What the exercise asks:
Restate the last part of the records below word for word, beginning at the line with "this 1288×966 image." and ending at the final line.

-------- Data for analysis

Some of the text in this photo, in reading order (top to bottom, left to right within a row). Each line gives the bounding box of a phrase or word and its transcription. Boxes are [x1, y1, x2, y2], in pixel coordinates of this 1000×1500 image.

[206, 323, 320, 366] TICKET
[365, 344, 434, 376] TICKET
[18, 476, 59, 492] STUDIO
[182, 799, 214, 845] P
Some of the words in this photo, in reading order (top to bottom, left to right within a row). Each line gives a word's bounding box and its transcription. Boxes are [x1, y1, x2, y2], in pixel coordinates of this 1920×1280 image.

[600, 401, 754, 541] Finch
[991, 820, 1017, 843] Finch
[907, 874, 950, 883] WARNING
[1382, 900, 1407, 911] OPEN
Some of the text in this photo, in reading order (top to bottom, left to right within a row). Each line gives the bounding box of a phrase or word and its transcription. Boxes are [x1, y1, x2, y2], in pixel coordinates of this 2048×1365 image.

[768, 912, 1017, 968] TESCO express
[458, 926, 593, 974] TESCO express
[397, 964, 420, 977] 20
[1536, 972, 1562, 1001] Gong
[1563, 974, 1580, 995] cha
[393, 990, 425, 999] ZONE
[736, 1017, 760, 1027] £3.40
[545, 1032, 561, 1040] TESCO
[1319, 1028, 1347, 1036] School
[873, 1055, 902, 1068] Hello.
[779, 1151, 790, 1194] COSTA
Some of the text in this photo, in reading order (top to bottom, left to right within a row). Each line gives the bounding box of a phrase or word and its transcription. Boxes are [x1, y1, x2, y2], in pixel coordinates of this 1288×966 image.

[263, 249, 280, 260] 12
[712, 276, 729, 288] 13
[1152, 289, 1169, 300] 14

----------------

Task output:
Some of the text in this photo, in reading order (top to bottom, left to right within a row). Each line gives the bounding box of a phrase or word and its transcription. Boxes are [x1, y1, x2, y2], in pixel coordinates of this 1288×966 image.

[263, 249, 280, 260] 12
[712, 276, 729, 288] 13
[1152, 289, 1169, 300] 14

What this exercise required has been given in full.